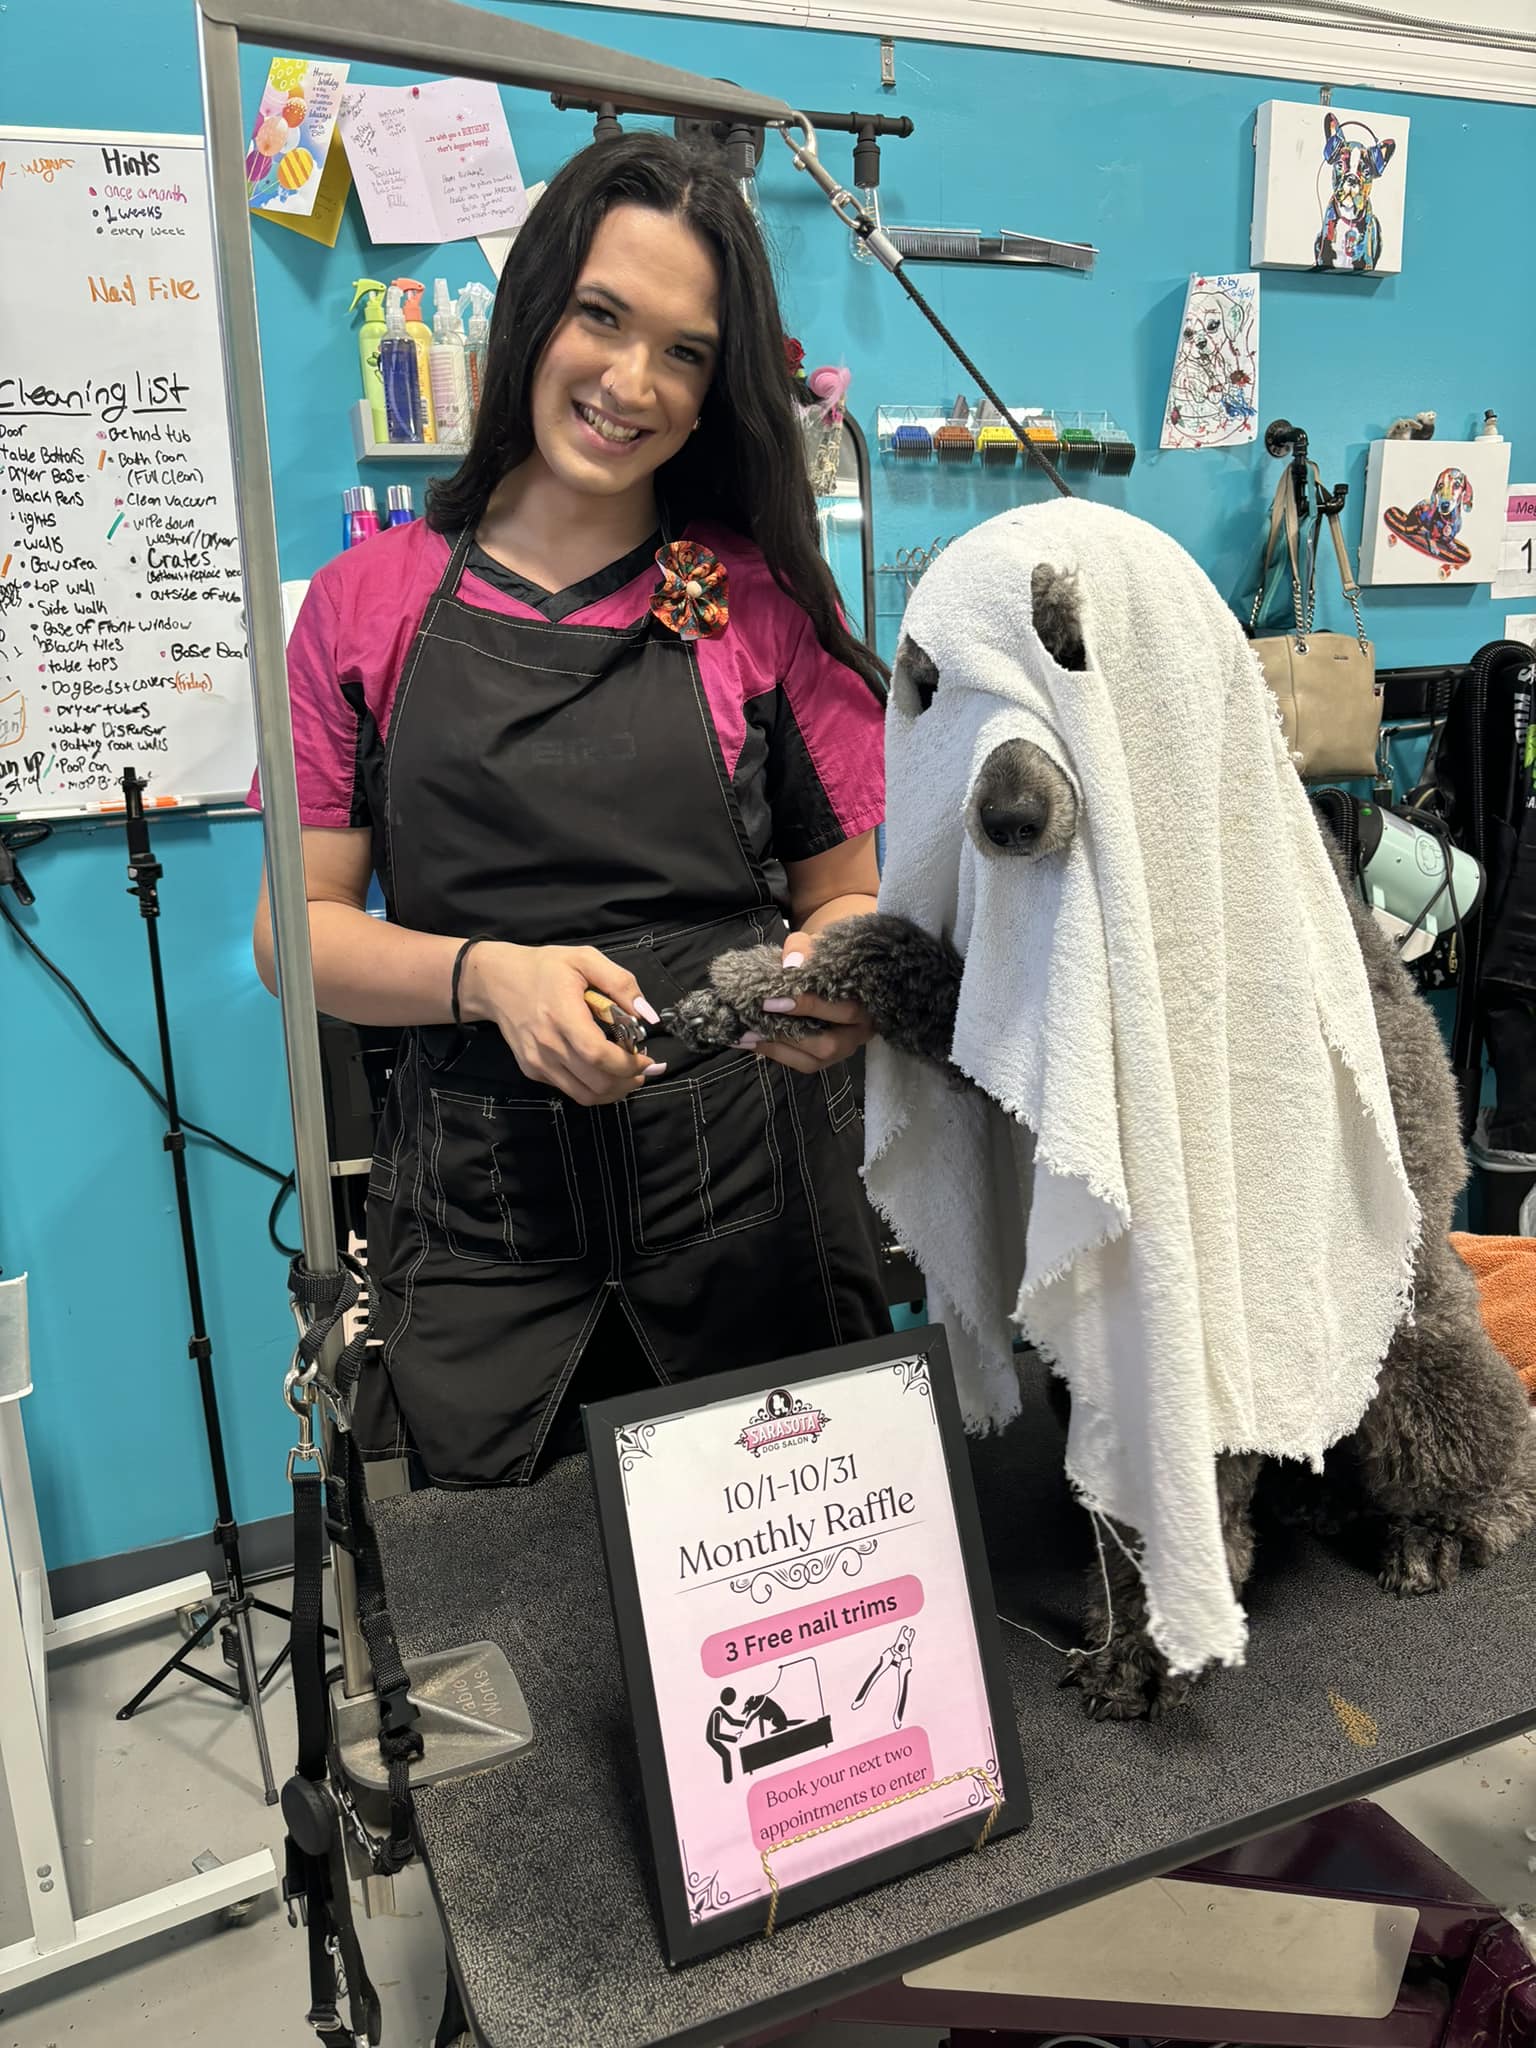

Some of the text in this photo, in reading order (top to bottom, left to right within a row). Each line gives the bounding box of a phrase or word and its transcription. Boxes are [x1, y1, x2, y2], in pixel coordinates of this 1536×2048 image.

[102, 148, 161, 176] Hints
[104, 185, 133, 201] once
[118, 206, 163, 220] weeks
[110, 226, 186, 239] every week
[148, 276, 200, 301] File
[0, 378, 127, 423] Cleaning
[12, 487, 52, 504] Black
[18, 511, 57, 535] lights
[749, 1414, 816, 1446] SARASOTA
[762, 1436, 809, 1454] DOG SALON
[679, 1486, 917, 1579] Monthly Raffle
[725, 1595, 898, 1662] 3 Free nail trims
[766, 1745, 913, 1808] Book your next two
[759, 1767, 928, 1842] appointments to enter

=======

### Activity
Exact reproduction of the entries above is what's needed; images stay out.

### Answer for this exercise
Some of the text in this photo, in reading order (top to bottom, left to right within a row). Each line gives the bounding box of a phrase or word and its transcription. Boxes are [x1, y1, x2, y2], in pixel coordinates of this 1536×2048 image.

[102, 148, 161, 176] Hints
[104, 185, 133, 201] once
[118, 206, 163, 220] weeks
[110, 226, 186, 239] every week
[148, 276, 200, 301] File
[0, 378, 127, 423] Cleaning
[12, 487, 52, 504] Black
[18, 511, 57, 535] lights
[749, 1414, 816, 1446] SARASOTA
[762, 1436, 809, 1454] DOG SALON
[679, 1486, 917, 1579] Monthly Raffle
[725, 1595, 898, 1662] 3 Free nail trims
[766, 1745, 913, 1808] Book your next two
[759, 1767, 928, 1842] appointments to enter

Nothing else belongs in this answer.